Il ministero dell'Interno australiano chiede di posticipare l'udienza sulla vicenda Djokovic, il tribunale dice no
Un nuovo tassello si aggiunge alla vicenda legata a Novak Djokovic.
Sabato, gli avvocati di Djokovic hanno depositato al Federal Circuit and Family Court di Melbourne, in vista dell'udienza di lunedì prossimo in cui si dovrà decidere o meno sulla sua espulsione dall'Australia, un documento di 35 pagine in cui sostengono che il loro cliente aveva tutti i requisiti per ottenere un certificato di esenzione dal vaccino a seguito di una recente infezione da Covid, così come il visto di ingresso nel Paese, revocatogli per una serie di "errori giurisdizionali" di cui il tennista serbo sarebbe vittima inconsapevole e non responsabile.
La novità sta nel fatto che a sorpresa, le autorità australiane hanno chiesto al tribunale dove si discuterà la causa Djokovic di spostare l'udienza da lunedì a mercoledì, ritardandola pertanto di un paio di giorni. Perché? Non è stato spiegato.

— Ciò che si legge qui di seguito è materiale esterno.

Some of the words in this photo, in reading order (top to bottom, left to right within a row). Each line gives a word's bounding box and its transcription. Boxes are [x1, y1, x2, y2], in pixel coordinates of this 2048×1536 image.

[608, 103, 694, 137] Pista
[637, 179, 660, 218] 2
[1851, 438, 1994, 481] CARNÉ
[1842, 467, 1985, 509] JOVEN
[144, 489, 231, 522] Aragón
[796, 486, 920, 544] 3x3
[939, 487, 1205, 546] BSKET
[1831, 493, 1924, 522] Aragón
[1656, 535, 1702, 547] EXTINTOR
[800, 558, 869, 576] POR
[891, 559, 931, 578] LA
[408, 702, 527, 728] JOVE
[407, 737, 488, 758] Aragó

Nelle scorse ore, però, sembra sempre più confermarsi l'idea che il tennista serbo - al di là delle sue convinzioni su vaccini e medicina - sia effettivamente rimasto vittima di un pasticcio burocratico, tra organizzatori degli Open d'Australia, Stato del Victoria e Governo federale, che farebbe persino invidia all'Italia.
Nel frattempo numerosi tifosi di Djokovic stazionano presso la struttura dove è stato costretto a risiedere, che ospita gli immigrati in attesa di chiarire il loro status, per dare supporto al campione serbo, mentre a dare ancor più corpo alla pagliacciata mediatica in atto vi sono le dichiarazioni della famiglia Djokovic, che si lamenta perché al loro congiunto siano stati negati i diritti minimi concessi agli esseri umani, anche per non avergli permesso il soggiorno in un albergo a 5 stelle, tanto da far loro dire che Novak è stato trattato come Gesù.